Moore has talked with drivers about the new regulations and they have expressed concerns.

“A lot of drivers are worried because, for the most part, deliveries need to be made Monday through Friday. Some places take Saturday and Sunday deliveries, but not as many. Drivers make their money on a load-by-load basis. When they unload their current load, they are off to the closest thing they can find to get them reloaded,” Moore says. “They like to link these together in a way that brings them closest to home for the weekend. With these hours and mandatory breaks, they are easily going to lose a day or even two days in the week to deliver. That’s for sure going to cut into their income.”

Trucks schedule “slots” or appointments to pick up material. If drivers get held up from traffic or from the load before, they could easily lose their slot and cause further delays.

Larger growers tend to have a broader reach shipping-wise, whereas smaller growers sell closer to home, says Moore.

“The larger growers will certainly cost more money to their farther away customers and perhaps those customers will look for other or closer options to save money. There is a significant tree shortage, however, and customers may have to bite the bullet and stick with them.”

An issue for landscapers is that they are awarded a job at a fixed dollar amount quite some time before actual delivery, so it’s often impossible for them to pass on unforeseen costs to their customers.

“With the demand for material being so high, I don’t see nurseries eating that cost when they can easily sell material to another customer,” adds Moore.

A driver who’s reached the time limit but still has a load of plants to offload could be a costly problem.

“On a 90-degree day, you have a load of trees on a truck.

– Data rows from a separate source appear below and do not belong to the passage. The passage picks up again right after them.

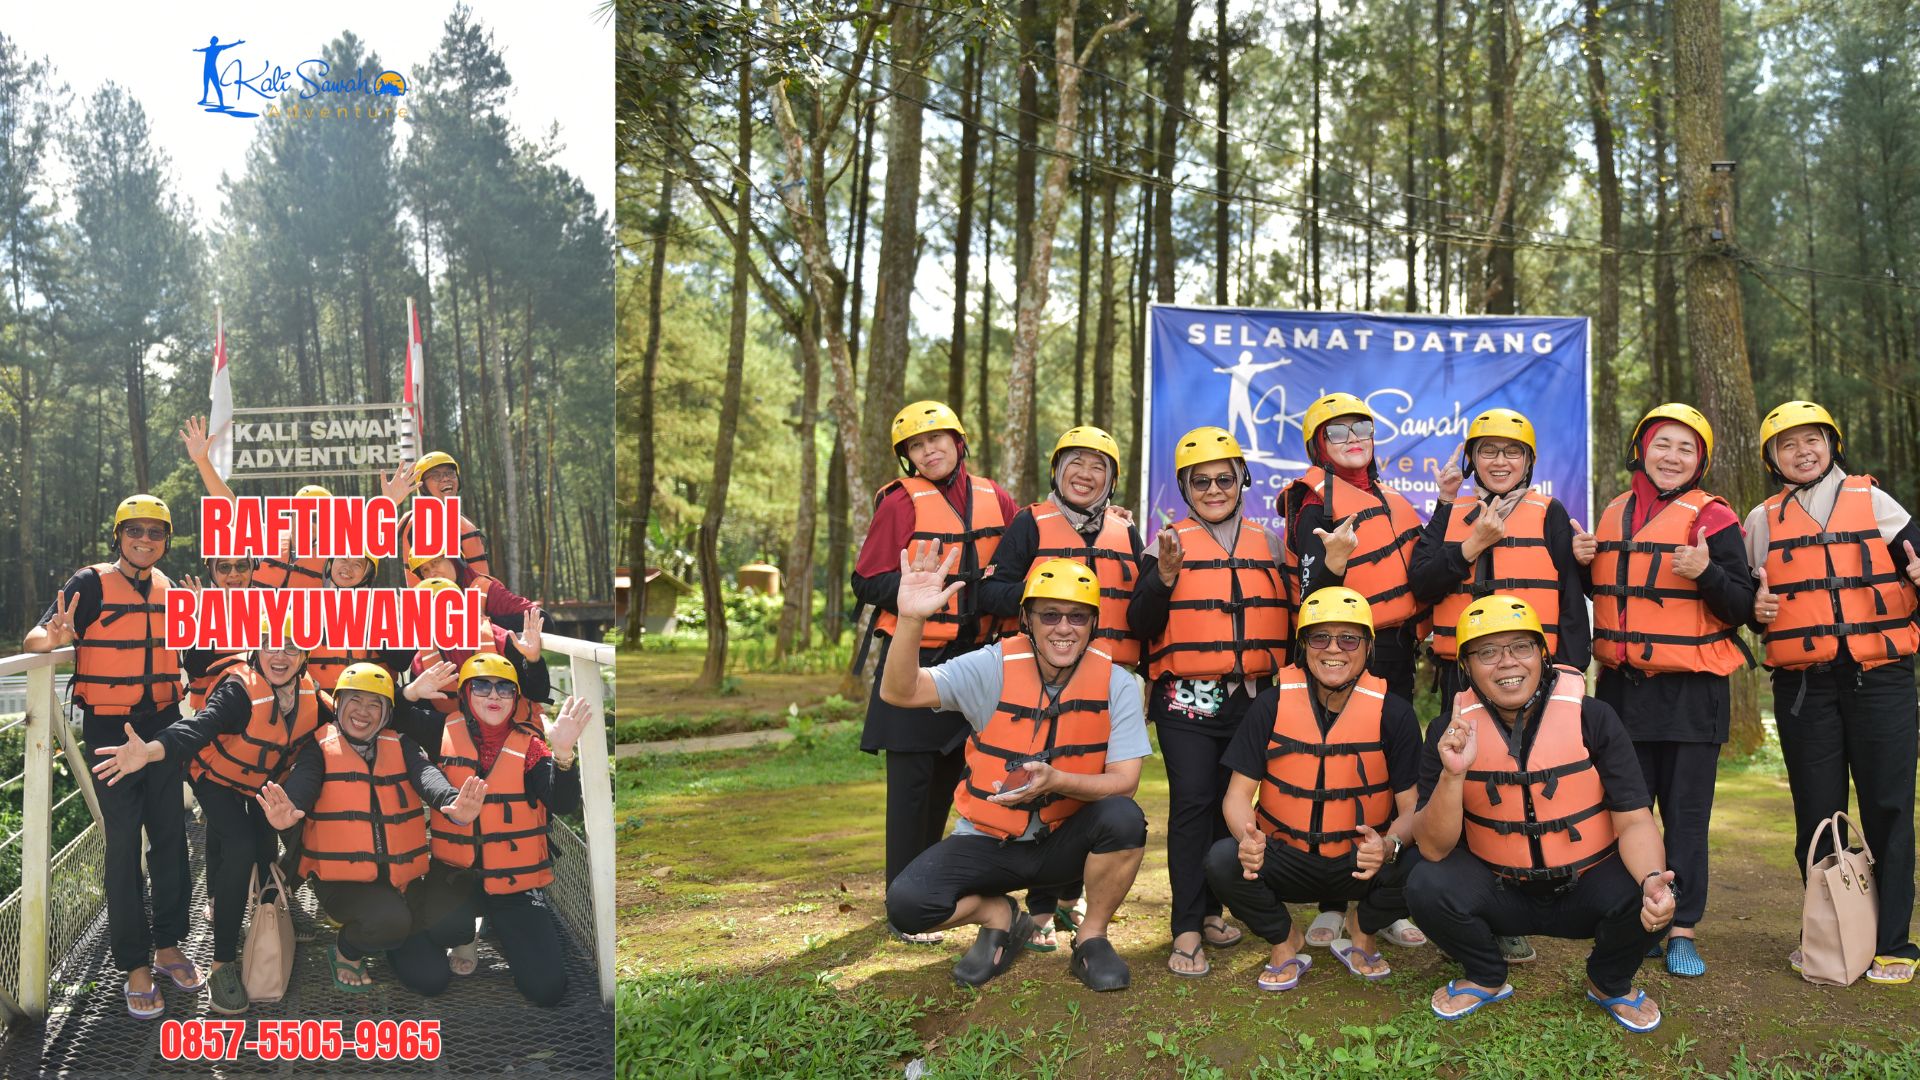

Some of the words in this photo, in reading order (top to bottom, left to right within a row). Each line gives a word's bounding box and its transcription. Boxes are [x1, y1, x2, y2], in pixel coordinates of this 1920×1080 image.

[1187, 323, 1374, 351] SELAMAT
[1393, 329, 1554, 354] DATANG
[235, 421, 299, 442] KALI
[310, 418, 401, 440] SAWAH
[1364, 388, 1469, 445] Sawah
[236, 444, 401, 469] ADVENTURE
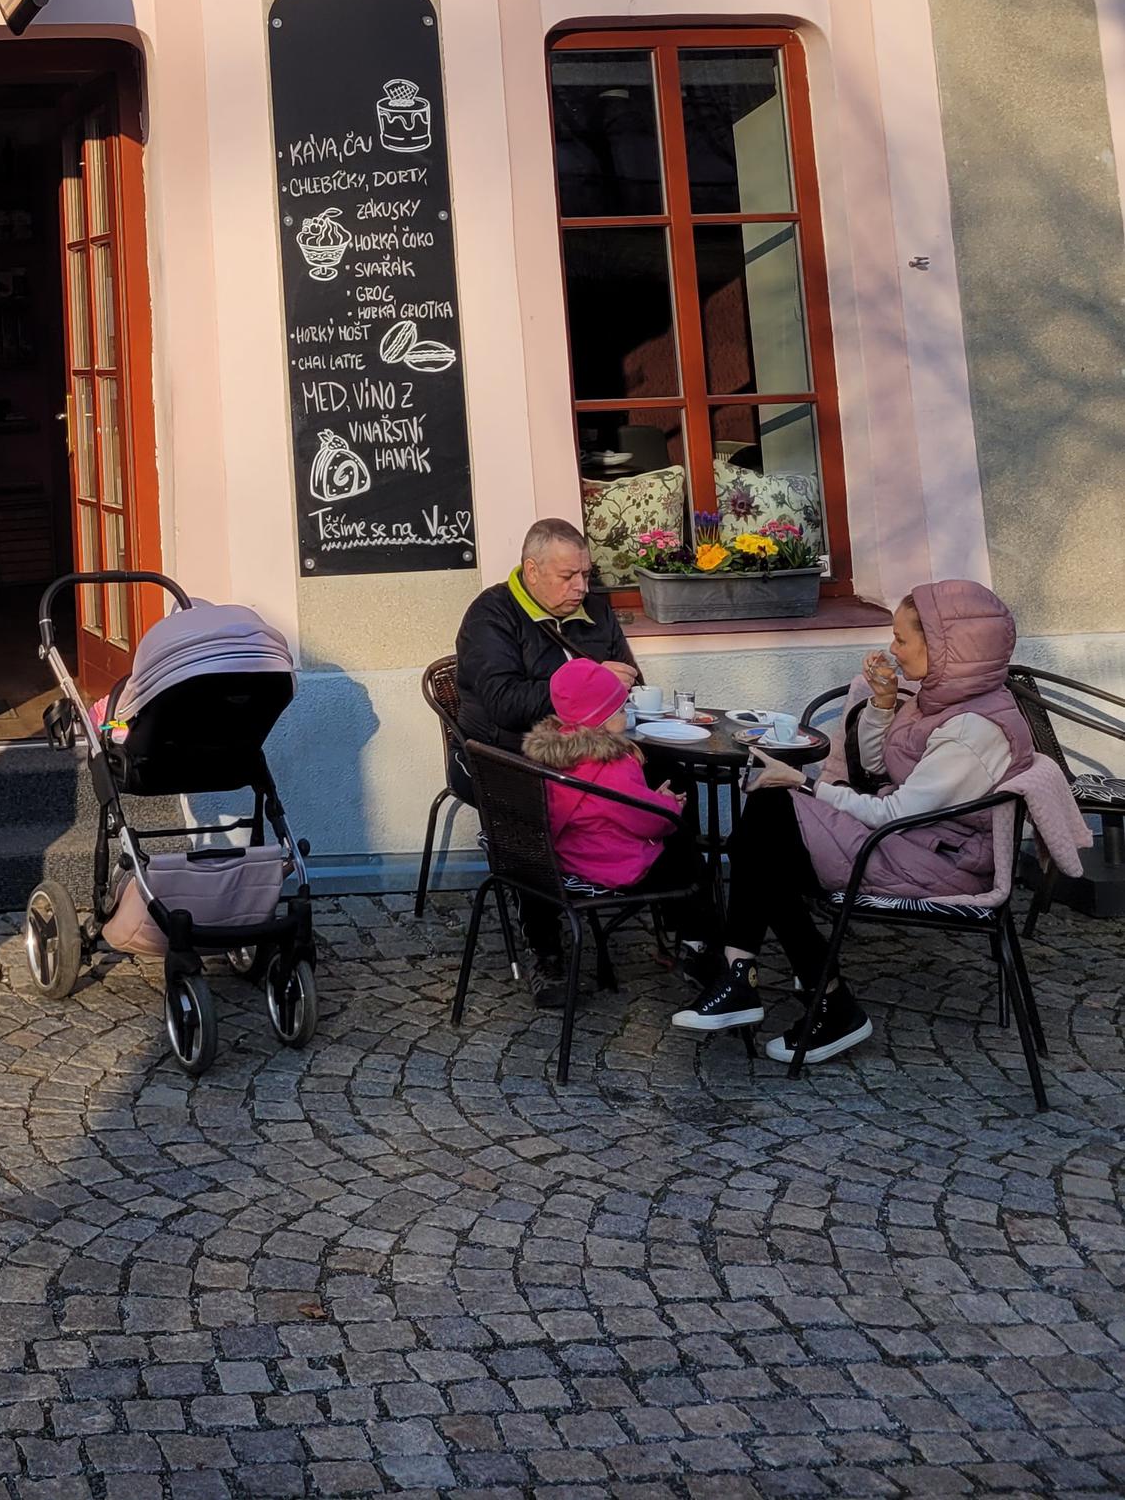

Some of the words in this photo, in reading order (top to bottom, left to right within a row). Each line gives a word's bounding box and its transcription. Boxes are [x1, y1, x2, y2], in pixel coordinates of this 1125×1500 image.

[356, 198, 422, 220] ZÁKUSKY
[354, 224, 399, 252] HORKÁ
[402, 225, 434, 248] ČOKO
[355, 253, 416, 278] SVAŘÁK
[357, 299, 396, 319] HORKÁ
[400, 300, 453, 319] GRIOTKA
[296, 317, 335, 344] HORKÝ
[338, 321, 372, 340] MOŠT
[298, 355, 326, 370] CHAI
[329, 353, 366, 370] LATTE
[352, 377, 395, 411] VÍNO
[400, 382, 414, 408] Z
[348, 413, 427, 443] VINAŘSTVÍ
[375, 443, 431, 474] HANÁK
[308, 507, 366, 540] Těšíme
[370, 522, 386, 538] se
[392, 522, 417, 538] na
[422, 504, 458, 539] Vás

The truck runs into traffic problems on a highway like I-95 for example, and then runs out of hours and has to pull into a rest stop in the middle of the day when the sun is baking on a dark colored nursery tarp — usually double-tarped if the leaves are out on top of that,” explains Moore. “The delivery shows up with, say, $15,000 worth of trees and they are all rejected because the leaves are severely wilted, balls are bone dry and the customer has legitimate concerns about their survival. In addition to that, you have a strained relationship with your customer and they desperately need those trees replaced to complete the job, which most likely aren’t available or can’t be dug. Trees are usually dug beforehand while they are dormant, and survivability decreases almost 80 percent if dug in-leaf without lots of extra additives and day-to-day care after planting.”

Coley says AmericanHort is continuing to lobby for the horticulture industry pertaining to the new regulations.

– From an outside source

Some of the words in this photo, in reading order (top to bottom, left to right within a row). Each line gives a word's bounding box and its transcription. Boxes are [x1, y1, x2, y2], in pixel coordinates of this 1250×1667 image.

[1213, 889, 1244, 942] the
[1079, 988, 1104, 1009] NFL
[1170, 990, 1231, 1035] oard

“We have alerted them to the compliance dates that were and are coming up as well as stipulations of potential exemptions. We are waiting for guidance from the Department of Transportation with regard to what industries fall under the agricultural exemption. AmericanHort will continue the effort for our growers and crops to be properly recognized as agriculture. FMCSA has stated that they will provide additional guidance.”

As with any new federal law, it seems that only time will tell how much significance the ELD rule will have on growers and nurseries, both large and small.

John Torsiello is a Torrington, Conn.-based writer.